EXTRACTED INFORMATION =
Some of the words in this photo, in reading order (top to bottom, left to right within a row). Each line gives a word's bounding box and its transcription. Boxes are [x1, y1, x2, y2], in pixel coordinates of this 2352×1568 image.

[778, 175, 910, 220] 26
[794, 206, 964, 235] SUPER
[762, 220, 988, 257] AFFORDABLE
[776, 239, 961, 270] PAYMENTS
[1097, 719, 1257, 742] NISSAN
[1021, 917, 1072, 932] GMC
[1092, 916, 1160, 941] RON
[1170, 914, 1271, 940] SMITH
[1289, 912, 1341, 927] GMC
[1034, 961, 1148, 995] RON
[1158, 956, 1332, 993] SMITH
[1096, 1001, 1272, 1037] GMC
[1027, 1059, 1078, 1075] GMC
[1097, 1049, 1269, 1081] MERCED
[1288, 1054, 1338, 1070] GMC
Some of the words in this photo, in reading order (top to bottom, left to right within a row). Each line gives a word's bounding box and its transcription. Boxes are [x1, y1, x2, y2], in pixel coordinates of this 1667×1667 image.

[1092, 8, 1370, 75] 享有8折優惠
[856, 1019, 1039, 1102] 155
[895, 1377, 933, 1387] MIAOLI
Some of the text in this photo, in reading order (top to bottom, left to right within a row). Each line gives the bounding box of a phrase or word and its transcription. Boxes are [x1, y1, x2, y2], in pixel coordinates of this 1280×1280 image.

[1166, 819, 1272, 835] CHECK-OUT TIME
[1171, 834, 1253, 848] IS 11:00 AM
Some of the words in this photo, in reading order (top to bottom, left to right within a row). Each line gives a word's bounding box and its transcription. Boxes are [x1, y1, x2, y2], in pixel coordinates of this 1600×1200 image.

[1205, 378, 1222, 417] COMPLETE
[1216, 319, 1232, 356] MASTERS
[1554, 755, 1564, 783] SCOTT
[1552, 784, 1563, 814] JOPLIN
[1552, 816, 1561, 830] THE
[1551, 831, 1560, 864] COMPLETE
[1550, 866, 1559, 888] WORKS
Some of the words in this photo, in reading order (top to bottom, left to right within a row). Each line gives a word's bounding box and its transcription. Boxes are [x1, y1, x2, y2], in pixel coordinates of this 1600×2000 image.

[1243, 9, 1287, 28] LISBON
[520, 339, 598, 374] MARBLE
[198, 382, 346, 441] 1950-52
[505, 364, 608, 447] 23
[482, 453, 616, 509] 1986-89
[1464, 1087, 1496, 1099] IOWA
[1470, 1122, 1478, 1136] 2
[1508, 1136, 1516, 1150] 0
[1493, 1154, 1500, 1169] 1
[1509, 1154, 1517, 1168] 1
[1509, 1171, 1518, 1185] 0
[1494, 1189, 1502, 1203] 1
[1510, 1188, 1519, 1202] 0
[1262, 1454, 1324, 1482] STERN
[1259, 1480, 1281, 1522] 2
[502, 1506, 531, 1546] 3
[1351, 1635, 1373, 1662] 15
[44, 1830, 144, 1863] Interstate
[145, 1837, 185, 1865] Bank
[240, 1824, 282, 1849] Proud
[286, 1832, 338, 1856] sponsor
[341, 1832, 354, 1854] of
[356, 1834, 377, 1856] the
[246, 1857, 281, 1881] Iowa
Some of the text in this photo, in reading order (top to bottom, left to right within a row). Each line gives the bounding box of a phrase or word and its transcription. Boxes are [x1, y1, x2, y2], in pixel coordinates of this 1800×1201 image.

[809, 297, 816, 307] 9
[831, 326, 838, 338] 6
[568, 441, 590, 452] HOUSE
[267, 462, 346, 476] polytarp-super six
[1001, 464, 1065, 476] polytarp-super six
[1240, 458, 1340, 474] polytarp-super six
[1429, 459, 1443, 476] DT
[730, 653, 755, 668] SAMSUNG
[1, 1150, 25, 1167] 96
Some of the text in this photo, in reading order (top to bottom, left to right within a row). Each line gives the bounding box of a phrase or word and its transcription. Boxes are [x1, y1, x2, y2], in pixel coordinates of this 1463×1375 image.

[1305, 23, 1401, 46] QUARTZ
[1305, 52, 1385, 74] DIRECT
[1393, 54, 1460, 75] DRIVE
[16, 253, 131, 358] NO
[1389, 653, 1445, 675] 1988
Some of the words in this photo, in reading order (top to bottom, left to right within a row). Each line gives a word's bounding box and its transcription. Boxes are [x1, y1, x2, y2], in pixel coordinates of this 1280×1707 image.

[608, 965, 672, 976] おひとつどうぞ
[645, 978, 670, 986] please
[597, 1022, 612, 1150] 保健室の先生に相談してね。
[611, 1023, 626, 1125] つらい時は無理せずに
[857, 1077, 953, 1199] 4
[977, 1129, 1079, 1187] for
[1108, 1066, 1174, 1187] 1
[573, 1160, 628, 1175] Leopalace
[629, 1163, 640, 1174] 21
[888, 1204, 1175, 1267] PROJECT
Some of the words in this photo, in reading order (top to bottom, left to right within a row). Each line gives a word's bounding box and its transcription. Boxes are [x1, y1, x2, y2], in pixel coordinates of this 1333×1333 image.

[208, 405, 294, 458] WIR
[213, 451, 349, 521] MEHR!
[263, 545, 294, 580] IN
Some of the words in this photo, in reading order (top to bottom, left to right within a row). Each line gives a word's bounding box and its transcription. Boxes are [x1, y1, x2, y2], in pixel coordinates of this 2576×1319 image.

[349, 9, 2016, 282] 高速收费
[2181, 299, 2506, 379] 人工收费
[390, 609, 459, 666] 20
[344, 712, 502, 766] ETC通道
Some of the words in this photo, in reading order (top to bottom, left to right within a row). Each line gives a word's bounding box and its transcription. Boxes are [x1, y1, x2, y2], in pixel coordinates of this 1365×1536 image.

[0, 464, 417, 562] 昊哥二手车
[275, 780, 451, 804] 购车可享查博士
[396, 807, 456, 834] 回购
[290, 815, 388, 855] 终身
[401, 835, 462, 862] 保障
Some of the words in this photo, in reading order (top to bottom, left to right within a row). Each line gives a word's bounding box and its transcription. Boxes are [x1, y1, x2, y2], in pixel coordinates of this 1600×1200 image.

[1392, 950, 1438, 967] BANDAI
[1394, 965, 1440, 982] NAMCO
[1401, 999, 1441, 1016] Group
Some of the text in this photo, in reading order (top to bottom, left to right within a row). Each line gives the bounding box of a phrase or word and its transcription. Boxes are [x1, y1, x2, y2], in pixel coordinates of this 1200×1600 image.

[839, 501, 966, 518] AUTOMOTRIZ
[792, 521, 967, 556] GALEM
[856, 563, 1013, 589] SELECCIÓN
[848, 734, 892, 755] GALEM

TRY IT =
Could you retype the entire listing exactly?

ANSWER AREA =
Some of the words in this photo, in reading order (top to bottom, left to right within a row). Each line gives a word's bounding box and its transcription. Boxes are [x1, y1, x2, y2], in pixel coordinates of this 2352×1568 image.

[778, 175, 910, 220] 26
[794, 206, 964, 235] SUPER
[762, 220, 988, 257] AFFORDABLE
[776, 239, 961, 270] PAYMENTS
[1097, 719, 1257, 742] NISSAN
[1021, 917, 1072, 932] GMC
[1092, 916, 1160, 941] RON
[1170, 914, 1271, 940] SMITH
[1289, 912, 1341, 927] GMC
[1034, 961, 1148, 995] RON
[1158, 956, 1332, 993] SMITH
[1096, 1001, 1272, 1037] GMC
[1027, 1059, 1078, 1075] GMC
[1097, 1049, 1269, 1081] MERCED
[1288, 1054, 1338, 1070] GMC
Some of the words in this photo, in reading order (top to bottom, left to right within a row). Each line gives a word's bounding box and its transcription. Boxes are [x1, y1, x2, y2], in pixel coordinates of this 1667×1667 image.

[1092, 8, 1370, 75] 享有8折優惠
[856, 1019, 1039, 1102] 155
[895, 1377, 933, 1387] MIAOLI
Some of the text in this photo, in reading order (top to bottom, left to right within a row). Each line gives the bounding box of a phrase or word and its transcription. Boxes are [x1, y1, x2, y2], in pixel coordinates of this 1280×1280 image.

[1166, 819, 1272, 835] CHECK-OUT TIME
[1171, 834, 1253, 848] IS 11:00 AM
Some of the words in this photo, in reading order (top to bottom, left to right within a row). Each line gives a word's bounding box and its transcription. Boxes are [x1, y1, x2, y2], in pixel coordinates of this 1600×1200 image.

[1205, 378, 1222, 417] COMPLETE
[1216, 319, 1232, 356] MASTERS
[1554, 755, 1564, 783] SCOTT
[1552, 784, 1563, 814] JOPLIN
[1552, 816, 1561, 830] THE
[1551, 831, 1560, 864] COMPLETE
[1550, 866, 1559, 888] WORKS
Some of the words in this photo, in reading order (top to bottom, left to right within a row). Each line gives a word's bounding box and its transcription. Boxes are [x1, y1, x2, y2], in pixel coordinates of this 1600×2000 image.

[1243, 9, 1287, 28] LISBON
[520, 339, 598, 374] MARBLE
[198, 382, 346, 441] 1950-52
[505, 364, 608, 447] 23
[482, 453, 616, 509] 1986-89
[1464, 1087, 1496, 1099] IOWA
[1470, 1122, 1478, 1136] 2
[1508, 1136, 1516, 1150] 0
[1493, 1154, 1500, 1169] 1
[1509, 1154, 1517, 1168] 1
[1509, 1171, 1518, 1185] 0
[1494, 1189, 1502, 1203] 1
[1510, 1188, 1519, 1202] 0
[1262, 1454, 1324, 1482] STERN
[1259, 1480, 1281, 1522] 2
[502, 1506, 531, 1546] 3
[1351, 1635, 1373, 1662] 15
[44, 1830, 144, 1863] Interstate
[145, 1837, 185, 1865] Bank
[240, 1824, 282, 1849] Proud
[286, 1832, 338, 1856] sponsor
[341, 1832, 354, 1854] of
[356, 1834, 377, 1856] the
[246, 1857, 281, 1881] Iowa
Some of the text in this photo, in reading order (top to bottom, left to right within a row). Each line gives the bounding box of a phrase or word and its transcription. Boxes are [x1, y1, x2, y2], in pixel coordinates of this 1800×1201 image.

[809, 297, 816, 307] 9
[831, 326, 838, 338] 6
[568, 441, 590, 452] HOUSE
[267, 462, 346, 476] polytarp-super six
[1001, 464, 1065, 476] polytarp-super six
[1240, 458, 1340, 474] polytarp-super six
[1429, 459, 1443, 476] DT
[730, 653, 755, 668] SAMSUNG
[1, 1150, 25, 1167] 96
Some of the text in this photo, in reading order (top to bottom, left to right within a row). Each line gives the bounding box of a phrase or word and its transcription. Boxes are [x1, y1, x2, y2], in pixel coordinates of this 1463×1375 image.

[1305, 23, 1401, 46] QUARTZ
[1305, 52, 1385, 74] DIRECT
[1393, 54, 1460, 75] DRIVE
[16, 253, 131, 358] NO
[1389, 653, 1445, 675] 1988
Some of the words in this photo, in reading order (top to bottom, left to right within a row). Each line gives a word's bounding box and its transcription. Boxes are [x1, y1, x2, y2], in pixel coordinates of this 1280×1707 image.

[608, 965, 672, 976] おひとつどうぞ
[645, 978, 670, 986] please
[597, 1022, 612, 1150] 保健室の先生に相談してね。
[611, 1023, 626, 1125] つらい時は無理せずに
[857, 1077, 953, 1199] 4
[977, 1129, 1079, 1187] for
[1108, 1066, 1174, 1187] 1
[573, 1160, 628, 1175] Leopalace
[629, 1163, 640, 1174] 21
[888, 1204, 1175, 1267] PROJECT
Some of the words in this photo, in reading order (top to bottom, left to right within a row). Each line gives a word's bounding box and its transcription. Boxes are [x1, y1, x2, y2], in pixel coordinates of this 1333×1333 image.

[208, 405, 294, 458] WIR
[213, 451, 349, 521] MEHR!
[263, 545, 294, 580] IN
Some of the words in this photo, in reading order (top to bottom, left to right within a row). Each line gives a word's bounding box and its transcription. Boxes are [x1, y1, x2, y2], in pixel coordinates of this 2576×1319 image.

[349, 9, 2016, 282] 高速收费
[2181, 299, 2506, 379] 人工收费
[390, 609, 459, 666] 20
[344, 712, 502, 766] ETC通道
Some of the words in this photo, in reading order (top to bottom, left to right within a row). Each line gives a word's bounding box and its transcription. Boxes are [x1, y1, x2, y2], in pixel coordinates of this 1365×1536 image.

[0, 464, 417, 562] 昊哥二手车
[275, 780, 451, 804] 购车可享查博士
[396, 807, 456, 834] 回购
[290, 815, 388, 855] 终身
[401, 835, 462, 862] 保障
Some of the words in this photo, in reading order (top to bottom, left to right within a row). Each line gives a word's bounding box and its transcription. Boxes are [x1, y1, x2, y2], in pixel coordinates of this 1600×1200 image.

[1392, 950, 1438, 967] BANDAI
[1394, 965, 1440, 982] NAMCO
[1401, 999, 1441, 1016] Group
Some of the text in this photo, in reading order (top to bottom, left to right within a row). Each line gives the bounding box of a phrase or word and its transcription. Boxes are [x1, y1, x2, y2], in pixel coordinates of this 1200×1600 image.

[839, 501, 966, 518] AUTOMOTRIZ
[792, 521, 967, 556] GALEM
[856, 563, 1013, 589] SELECCIÓN
[848, 734, 892, 755] GALEM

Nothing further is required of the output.